Instead of refining Windows 8's
underlying systems to provide an estimate "that would be only slightly improved
over the current one," the team decided to focus on "presenting the information
we were confident about in a useful and compelling way."
Windows 8 will also offer a clearer
interface for resolving file name collisions (i.e., when you save a file as
"Essay.doc" when one with that same name already exists on your hard drive). A
tweaked window arranges the relevant information in a way Microsoft hopes is
less confusing than in past Windows versions.
The "Building Windows 8" blog has
offered a steady stream of new, sanctioned postings over the past few days. A
previous entry focused on Windows 8's support for USB 3.0. Ones before that
focused on some of the new features that will supposedly make an appearance,
including an app store. Although Microsoft hasn't officially offered a release
date, it's widely expected that Windows 8 will debut in 2012.
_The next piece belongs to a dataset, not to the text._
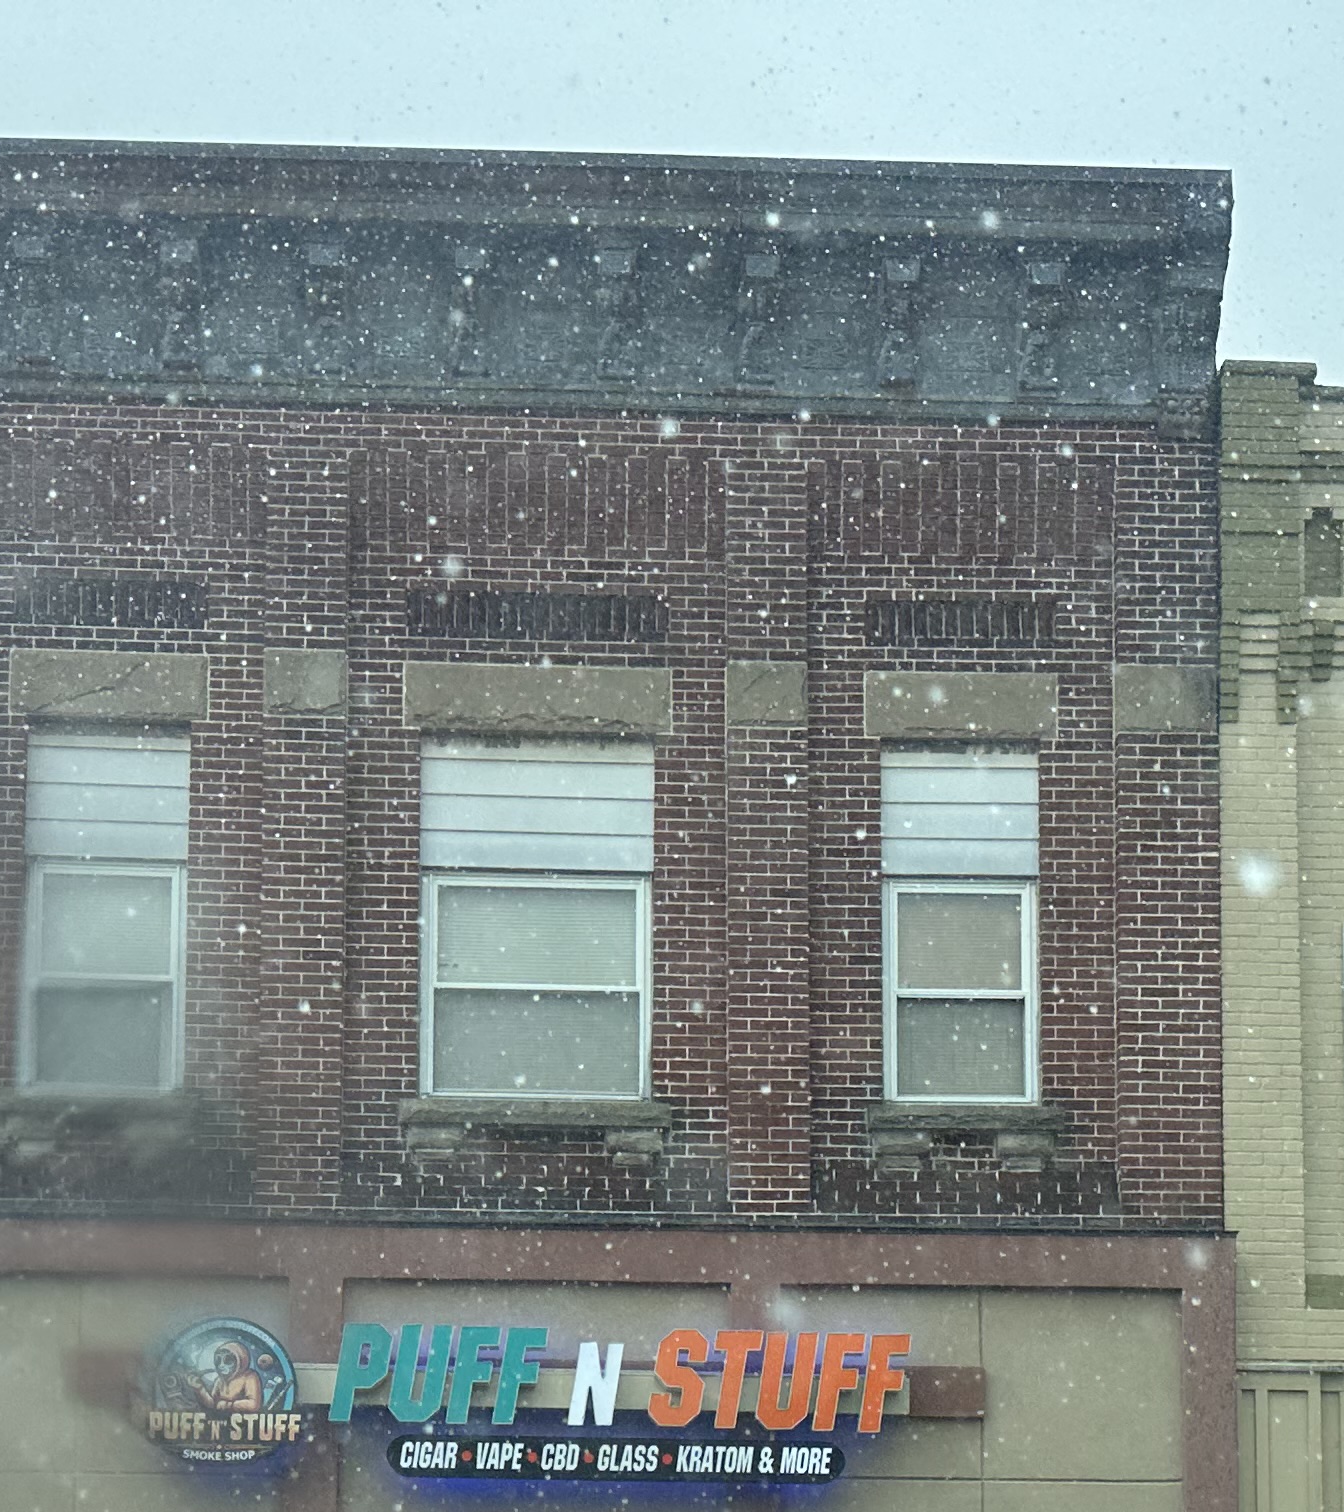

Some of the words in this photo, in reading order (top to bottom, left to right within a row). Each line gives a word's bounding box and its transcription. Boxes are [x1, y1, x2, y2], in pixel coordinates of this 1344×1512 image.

In the blog's inaugural Aug. 15 posting, Windows and Windows
Live division President Steven Sinofsky offered a defense of Microsoft's
decision to abandon Windows' "traditional" desktop-based interface in favor of
large colored tiles reminiscent of Windows Phone.
"So much has changed since Windows
95-the last time Windows was significantly overhauled-when the -desktop'
metaphor was established," he wrote. "Today, more than two out of three PCs are
mobile (laptops, netbooks, notebooks, tablets, slates, convertibles, etc.).
Nearly every PC is capable of wireless connectivity."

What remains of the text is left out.